Workers throughout New Jersey could be exposed to hazardous chemicals on the job.
July 05, 2012 /24-7PressRelease/ -- New Jersey is the corporate home of many chemical and pharmaceutical giants, including Dow Chemical, DuPont and Merck Pharmaceuticals. The Chemistry Council of New Jersey -- a chemical industry trade and labor group -- has dozens of member companies in the chemical, petroleum, fragrance, and pharmaceutical industries that contribute to the state economy. While the member companies of the CCNJ directly contribute tens of thousands of much-needed jobs to the New Jersey economy, employees who encounter potentially hazardous chemicals in their jobs could be at risk for occupational illnesses and diseases.
OSHA's Hazard Communication Standard
Since 1970, the Occupational Safety and Health Administration has held employers responsible for keeping the workplace healthful and safe. In 1983, OSHA set forth a Hazard Communication Standard requiring employers to provide workers with information about potentially dangerous chemicals, substances or situations they might encounter on the job.
The U.S. Secretary of Labor has stated that one of the worst dangers to American workers is exposure to hazardous chemicals. To help alleviate that danger, OSHA has now revised their Hazard Communication Standard. The new standard will be aligned with an international system the United Nations developed for labeling chemicals. With more consistent, clearer labels and safety data sheets for dangerous chemicals, workers will have better access to facts about the risks associated with exposure.
The latest revision will make safety training easier, allowing employees to better understand what will happen if chemicals are misused or spilled, and make safely working with hazardous substances easier.
The new standard goes into full effect in 2016. OSHA officials estimate that the updates could prevent hundreds of injuries and dozens of deaths annually. Businesses that use hazardous chemicals and update the safety data sheets and labels on these substances will benefit from increased productivity and could save an estimated $32.2 million collectively.

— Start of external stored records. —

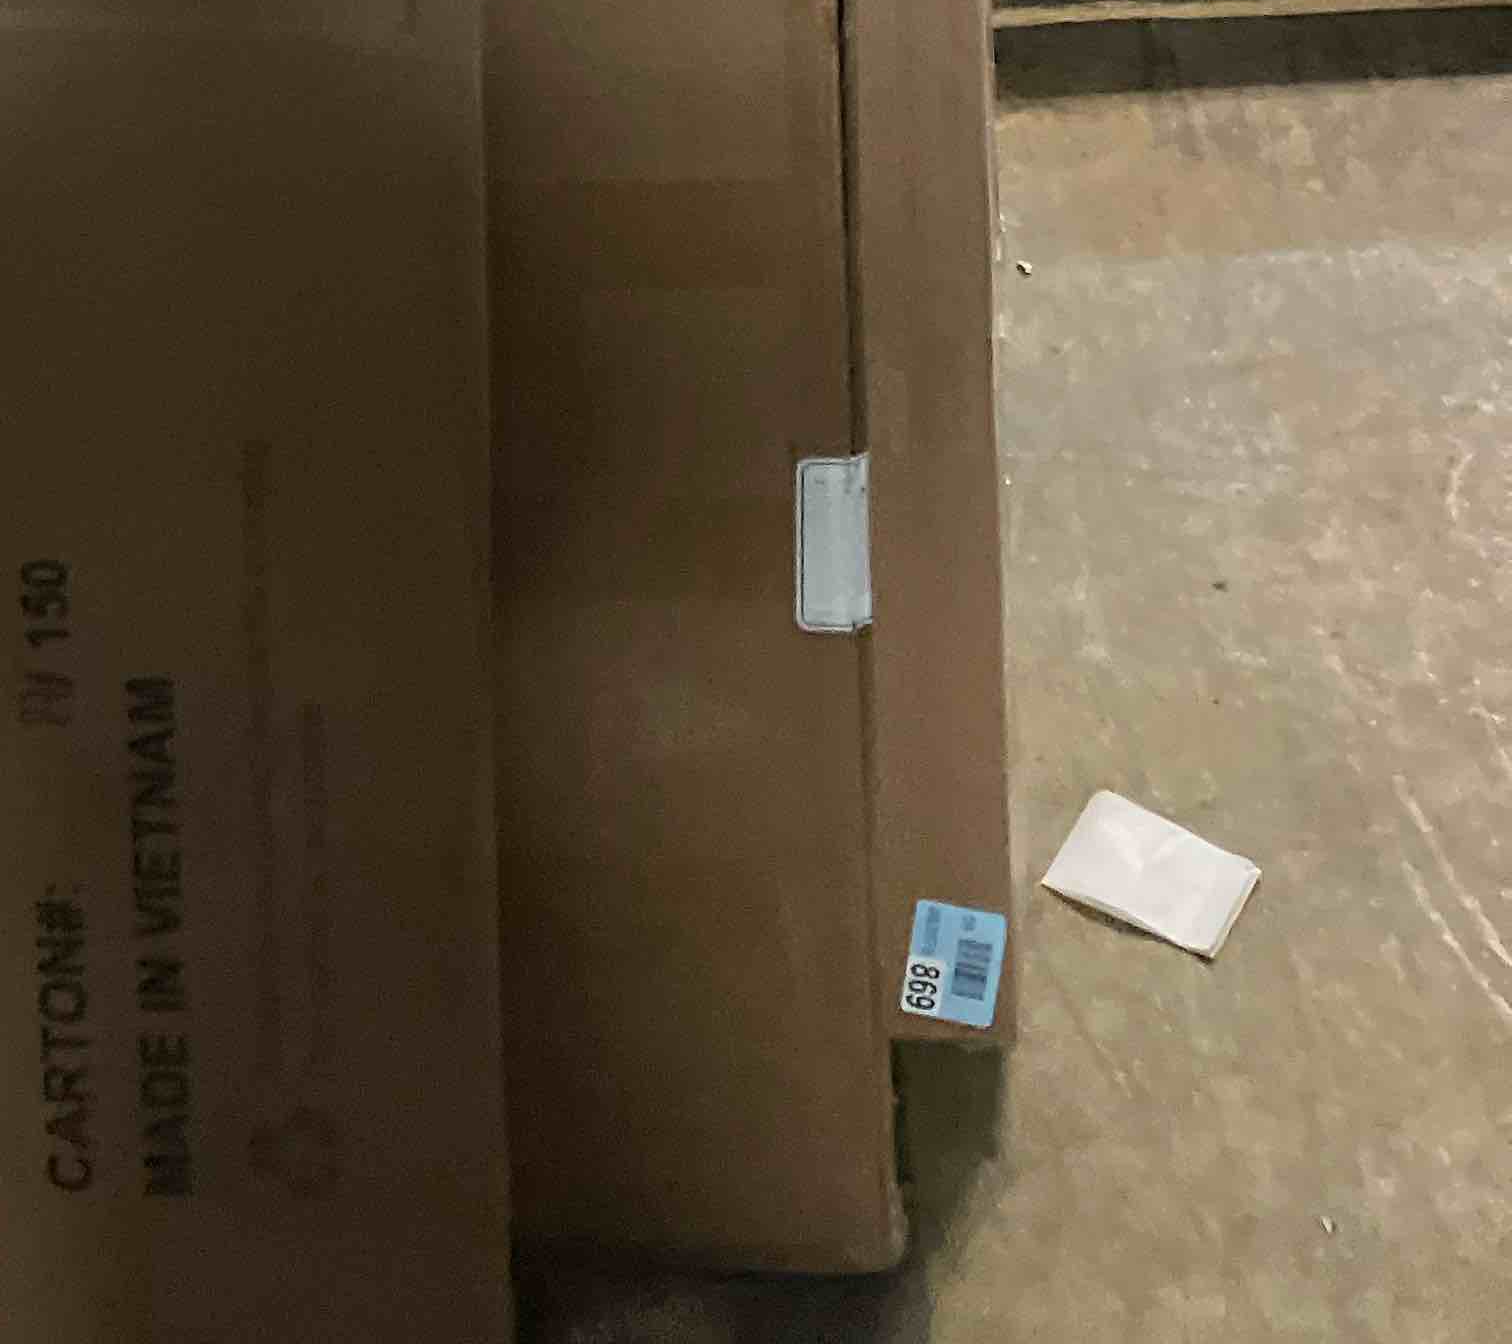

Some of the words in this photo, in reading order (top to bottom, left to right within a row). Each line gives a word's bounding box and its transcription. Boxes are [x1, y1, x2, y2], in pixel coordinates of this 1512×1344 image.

[19, 558, 74, 648] 150
[123, 674, 184, 938] VIETNAM
[133, 956, 185, 1014] IN
[138, 1032, 194, 1199] MADE
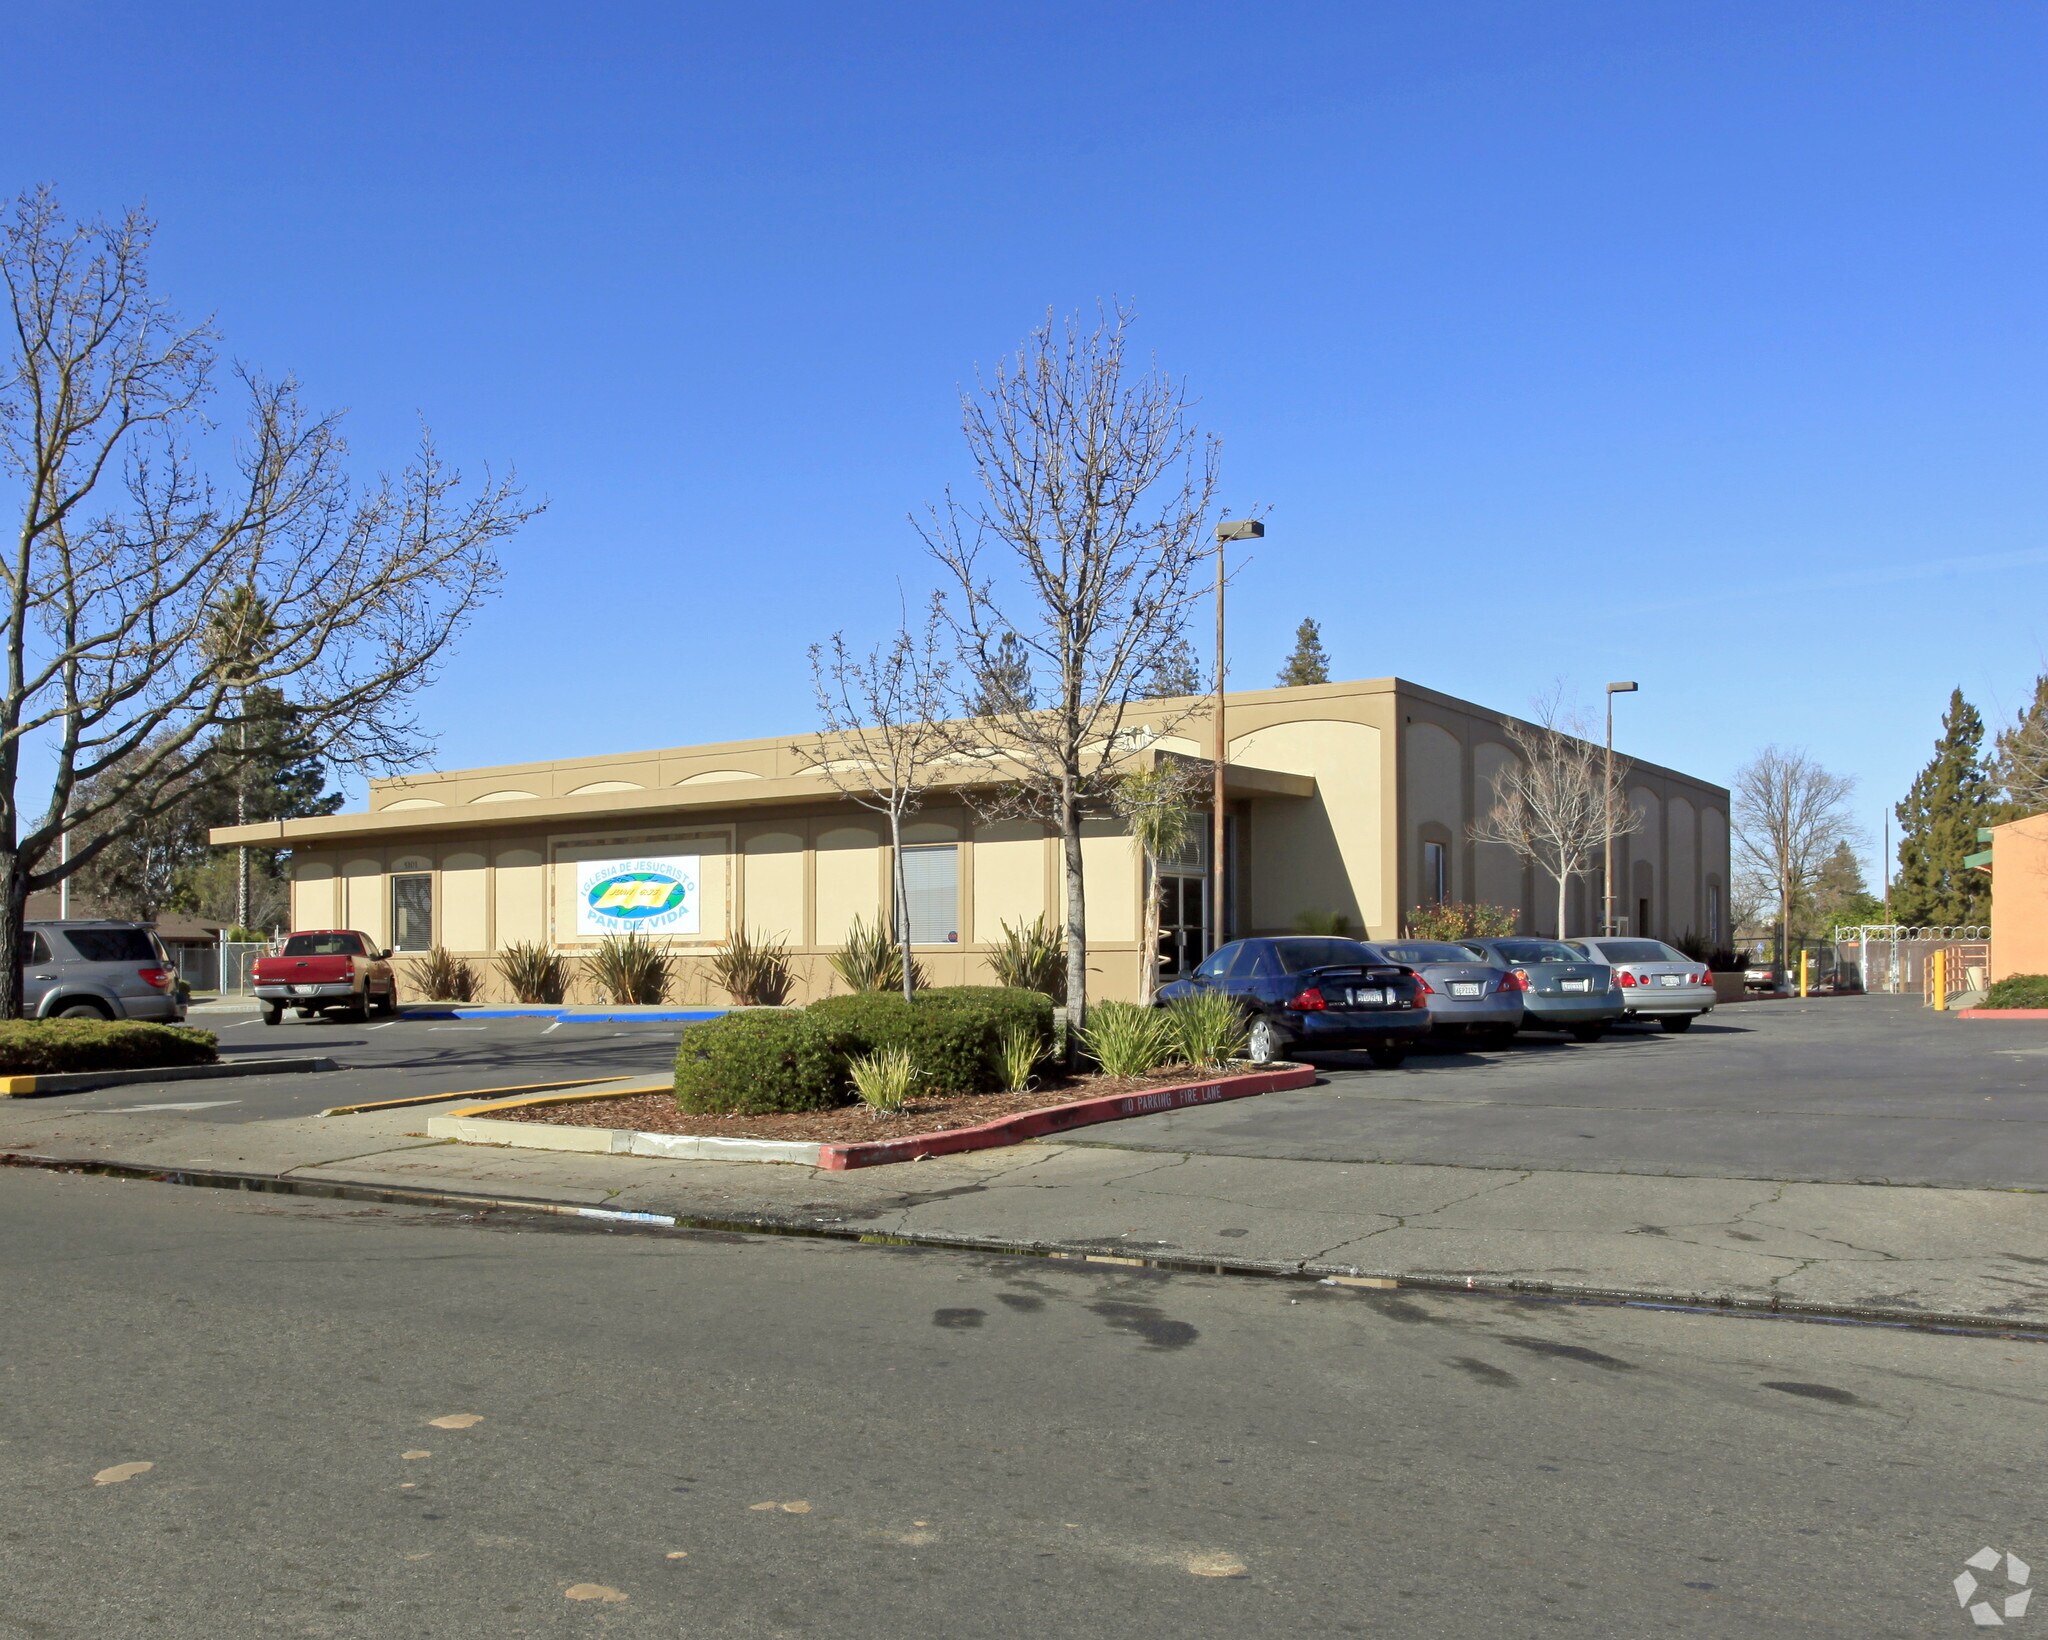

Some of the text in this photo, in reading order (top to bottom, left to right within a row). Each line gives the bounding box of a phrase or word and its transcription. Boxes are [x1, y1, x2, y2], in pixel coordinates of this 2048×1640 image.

CCNJ expects its member companies to be leaders in informing their employees and contractors about both risks and benefits associated with chemical and pharmaceutical companies. It also directs companies to operate in such a way as to put their employees' health and safety paramount. New Jersey workers in the CCNJ member companies, and in every business where chemical hazards exist, should benefit from OSHA's improved communication standard.
Even when conscientious employers comply with OSHA standards, accidents can still happen when dangerous substances are involved. Any worker harmed by a hazardous chemical should consult a personal injury attorney to learn more about possible compensation for medical expenses, lost wages and pain and suffering.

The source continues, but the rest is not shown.